I made it to the 1200 block on North Charles and turned into the Starbucks.  I was starving.  My daughter, the payroll director over at Deutsche Bank, had been “encouraging” me to go vegan for some time.  I saw a boxed lunch with noodles, tofu, veggies, and a postage-stamp-sized chunk of dark chocolate.  I figured it was the prize I got for grazing through the other stuff.  At 8.4 ounces, it would hold me over until I got home to Fells.  Pumpkin spice latte was in the air.  I wanted one but they have 510 calories with all the bells and whistles.  Andi, the full-time barista, assured me that she could hook me up for about half of that.  I believed her and ordered.  Stacee, one of the part-timers that went to school at MICA rang me up.  She was always nice.  Nice was nice because the world is not nice.

I queued up with the other Starbucks faithful while my almost-as-yummy-as-a-510-calorie pumpkin spice latte was being prepared.  I got it and sat down in the pit with the comfy chairs.  I took out the box’o’non-meat and began to put the components together.  The noodles with their peanut sauce, the pickled veggies, and the half-dozen sugar-cubes of braised tofu looked and smelled pretty good.  I looked away for a moment, turned back to my food, and as I reached for it, I knocked it in the air.  It fell non-daily-spread-side-down into my lap.  The two other guys in the comfy chair area reflexively went into their best “I’m not looking” looks.  Any guy that has gone to the beach with his wife knows how to do that look when too much girl in too few clothes walks by.  These guys must have seen lots of bikini-babes because neither of them flinched. I had no napkins and non-meat was everywhere.  You’d think one of them might have offered to get me a napkin, a paper towel, or some mechanism to help gather up the never-been-killed mélange.  That didn’t happen.

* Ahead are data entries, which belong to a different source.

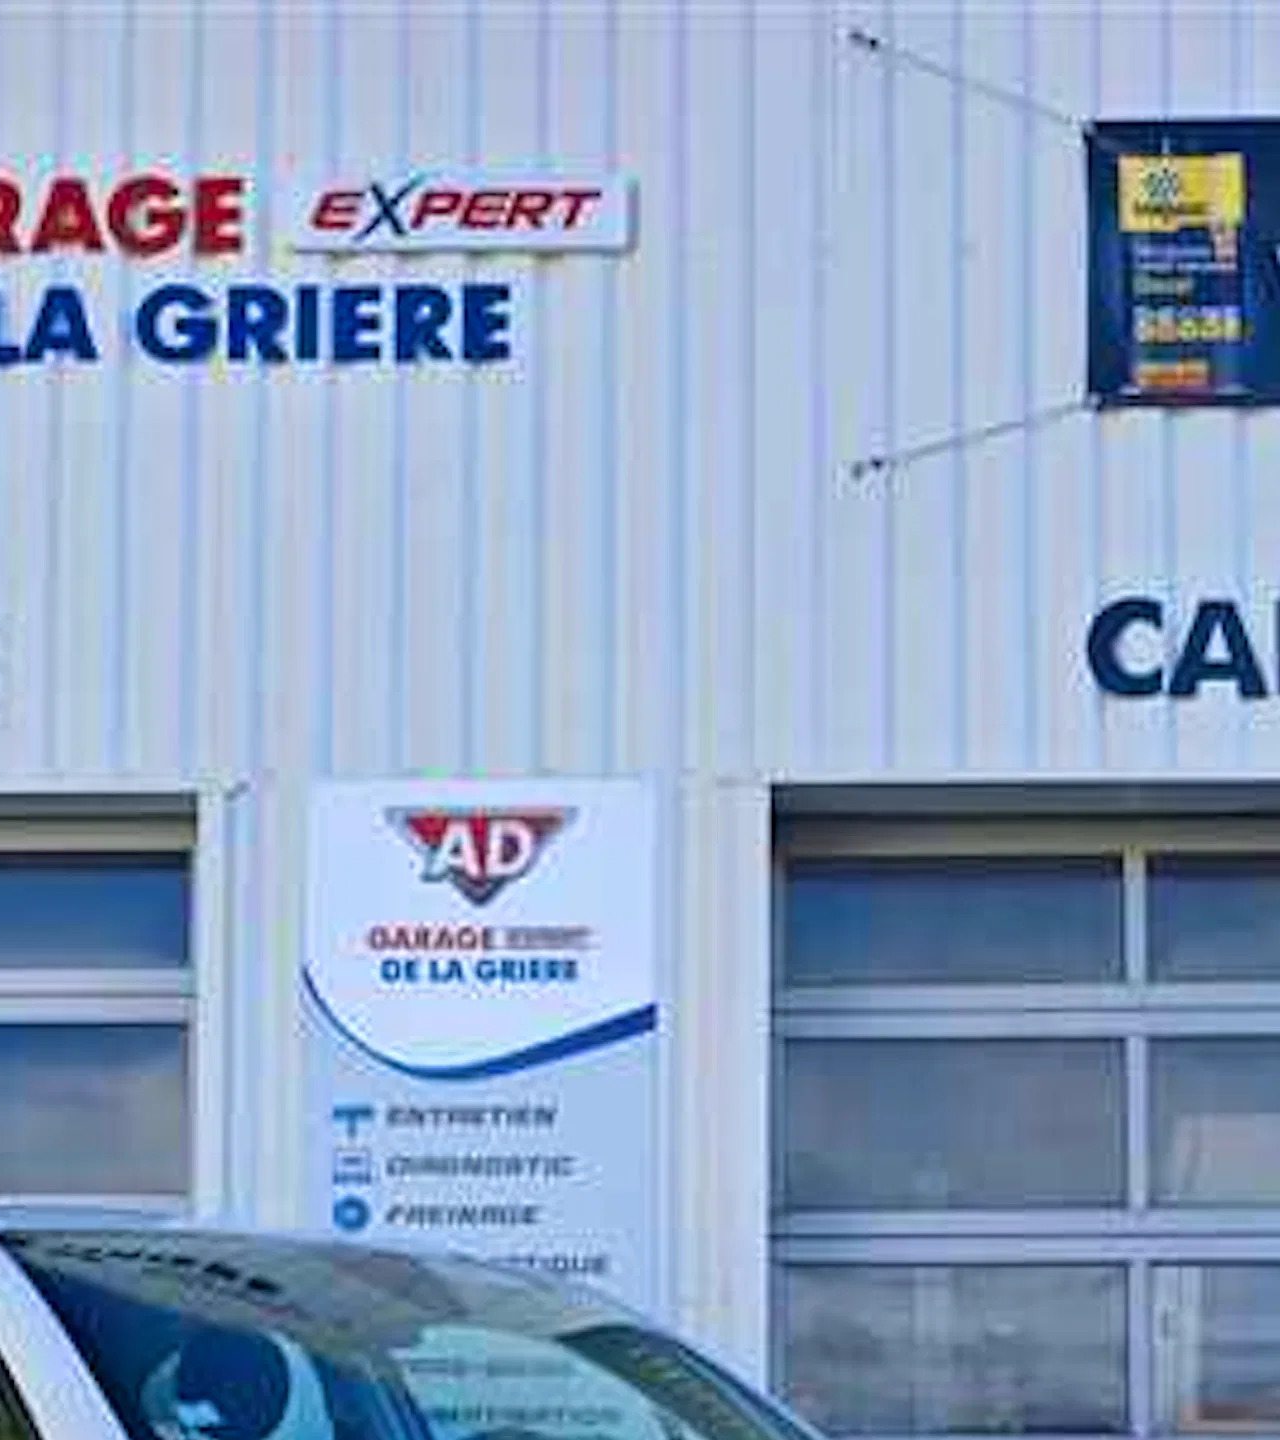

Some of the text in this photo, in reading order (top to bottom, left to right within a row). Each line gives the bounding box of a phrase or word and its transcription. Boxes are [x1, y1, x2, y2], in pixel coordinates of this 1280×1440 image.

[306, 174, 604, 244] EXPERT
[135, 284, 513, 364] GRIERE
[422, 819, 533, 881] AD
[369, 925, 491, 952] GARAGE
[380, 958, 418, 983] DE
[428, 958, 466, 983] LA
[385, 1105, 558, 1129] ENTRETIEN

I had to scoop handfuls of the stuff up and put it into the box.  I used the lid like a veggie-squeegie to gather the rest of the bits together.  Still, neither Tweedledum nor Tweedledee so much as acknowledged my dilemma.  They saw me alright, just like they saw all the Girls-Gone-Wild candidates at Ocean City a few weeks prior.

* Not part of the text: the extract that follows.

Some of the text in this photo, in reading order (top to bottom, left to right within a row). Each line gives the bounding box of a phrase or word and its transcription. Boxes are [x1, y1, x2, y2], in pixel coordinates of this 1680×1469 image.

I took the freshly-tossed salad and dumped it in the garbage.  My Starbucks Gold Card had plenty of cash on it so I went to get another.  Stacee looked at me coming with a fresh box.  She started to go into the standard spiel to ring me up and then she realized I had just purchased one.  She told me to wait a minute.  I could see her glance at her watch.  It was 20 minutes until close and there was a boxed lunch in the case that would probably not get eaten in the next 20 minutes.  She took out her inventory sheet and wrote mine up as spoilage. It was going to be thrown out anyway so she gave it to me which saved me seven bucks and continued to reinforce my brand loyalty.

As I sat down to make eating attempt number two, Tweedledum got up and headed to the Men’s room.  He left behind his white iPhone 4G and a freshly made Venti-mocha-frappa-chino-esque thingy.  Not worried about Tweedledee, I snatched up the white iPhone and cup.  The Starbucks Card Mobile app was open and Tweedledum was logged in.  I added $100 to the card.  iTunes was also open.  I bought a copy of Louis Armstrong’s Greatest Hits.  As I hit the door, the album finished downloading.  I started to play it and as I stepped onto North Charles, I went to the homeless guy sitting against the City-Paper machine.  I handed him the boxed-lunch, the Venti-whatever, and the white iPhone 4.  I showed him how to order lots of healthy food and drinks with the Starbucks app.

As I headed to the lot where my vintage orange VW Karmann Ghia was parked, I heard the unusual combination of wheeching and the words “I see skies of blue, and clouds of white/The bright blessed day, dark sacred night/And I think to myself/What a wonderful world.”